Este cuadro es bastante patético, que cuenta con anuencia de algunos mayores que lucran de cualquier manera, sin ningún remordimiento por lo que hacen. Este cuadro coloca al adolescente en una marcada situación de soledad, hecho que los debe traicionar en algún momento, tal vez en la decisión de tomar un arma. Y lo grave es que las fuerzas de seguridad no alcanzan para vencer esta distorsionada y amenazante situación.
No se habla de inseguridad, desde el atril oficial, hecho que llama la atención mientras el drama se multiplica involucra a gente joven y desubicada.
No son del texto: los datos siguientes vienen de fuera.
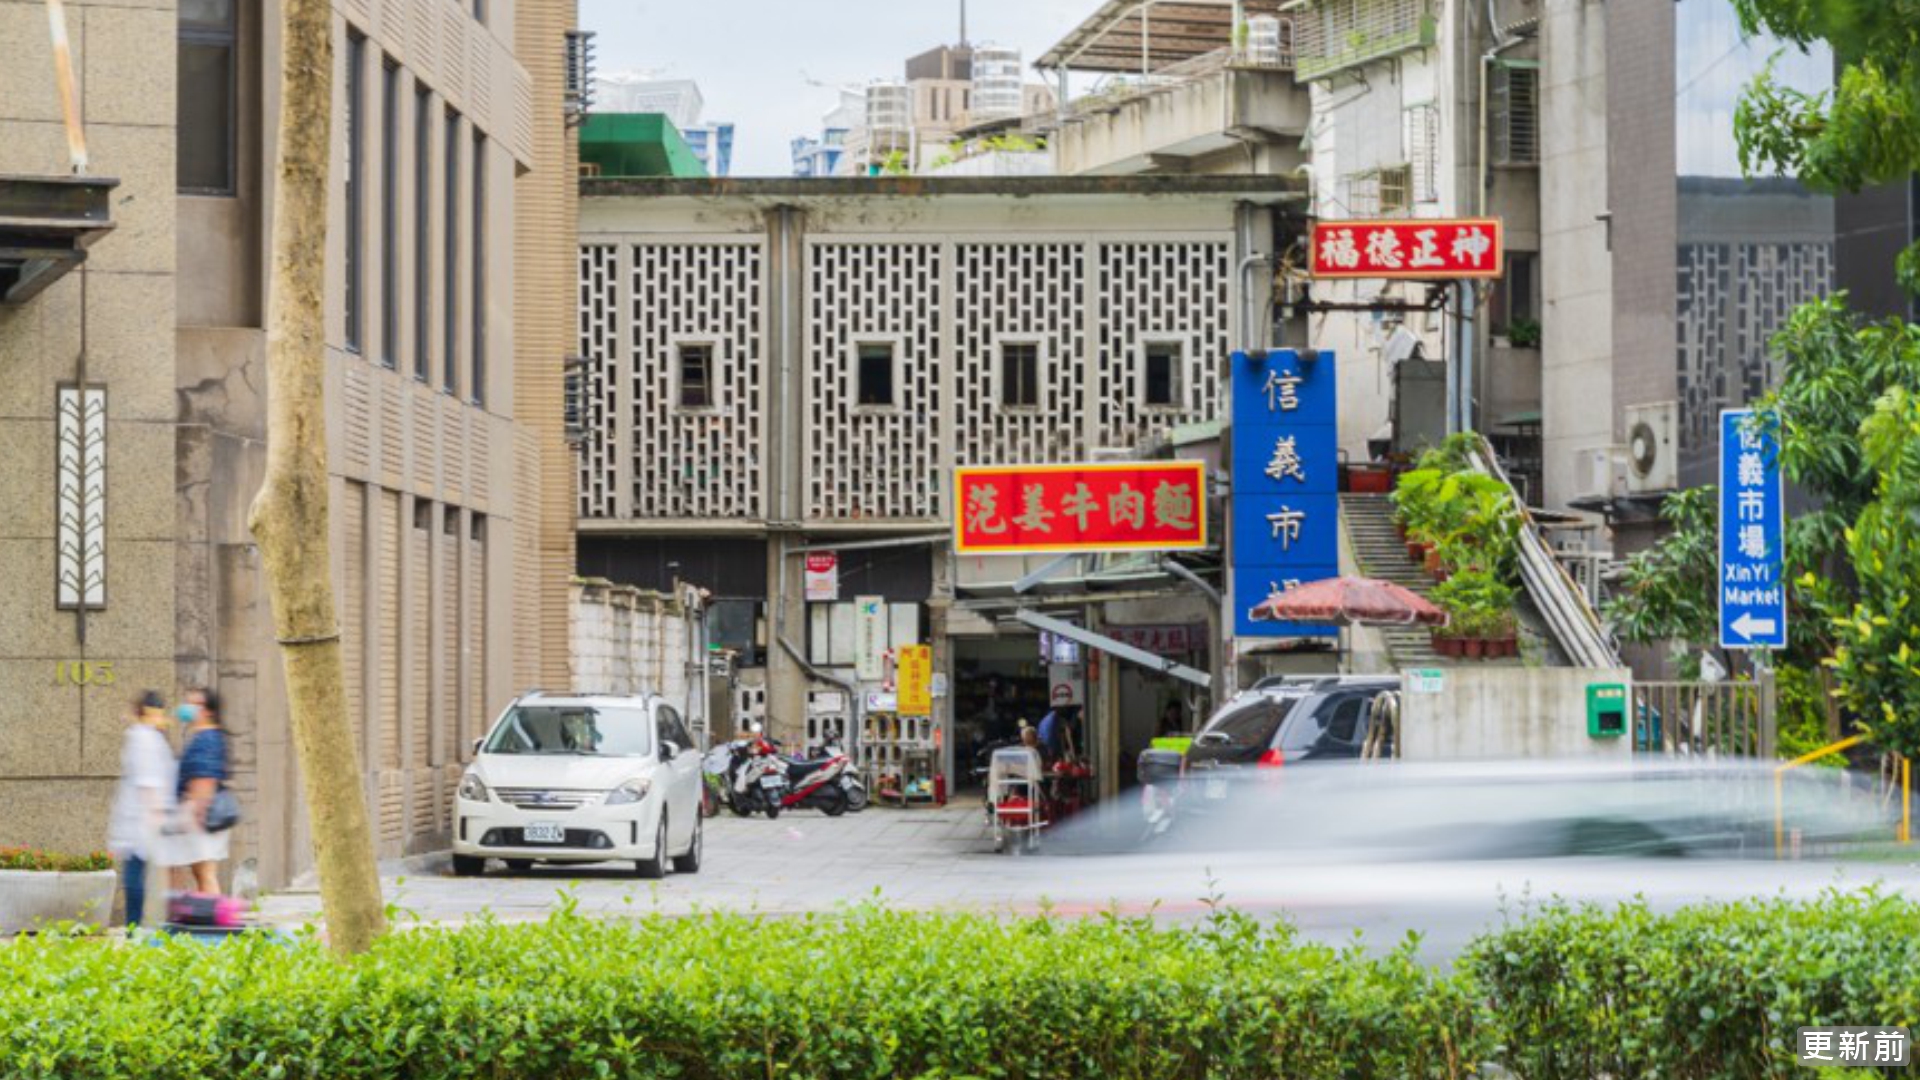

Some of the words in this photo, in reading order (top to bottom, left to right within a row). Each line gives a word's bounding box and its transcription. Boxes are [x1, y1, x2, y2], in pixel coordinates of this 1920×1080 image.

Existe una necesidad inmediata para resolver el porvenir de entre 800.000 y 1.000.000 de jóvenes a quienes se considera marginales estructurales, o un pozo de donde hay que rescatarlos para que a través de programas formativos se superen así mismos.
Y lo que hay que entender rápidamente es que una sociedad no puede arrastrar esa indigencia moral y espiritual, capaz de dañar los bienes y las vidas de las personas que viven con normalidad. Hace falta que los políticos, tan entretenidos ahora por las elecciones del año que viene, hagan oír su voz, demanden a las autoridades correspondientes la solución para esta situación alarmante.
Alguien deberá hacerlo -o tal vez debería haberlo hecho ya- y ese alguien será muy bien mirado por la ciudadanía que ha tenido que cambiar sus hábitos para evitar ser víctima de delitos que han asombrado en los últimos tiempos.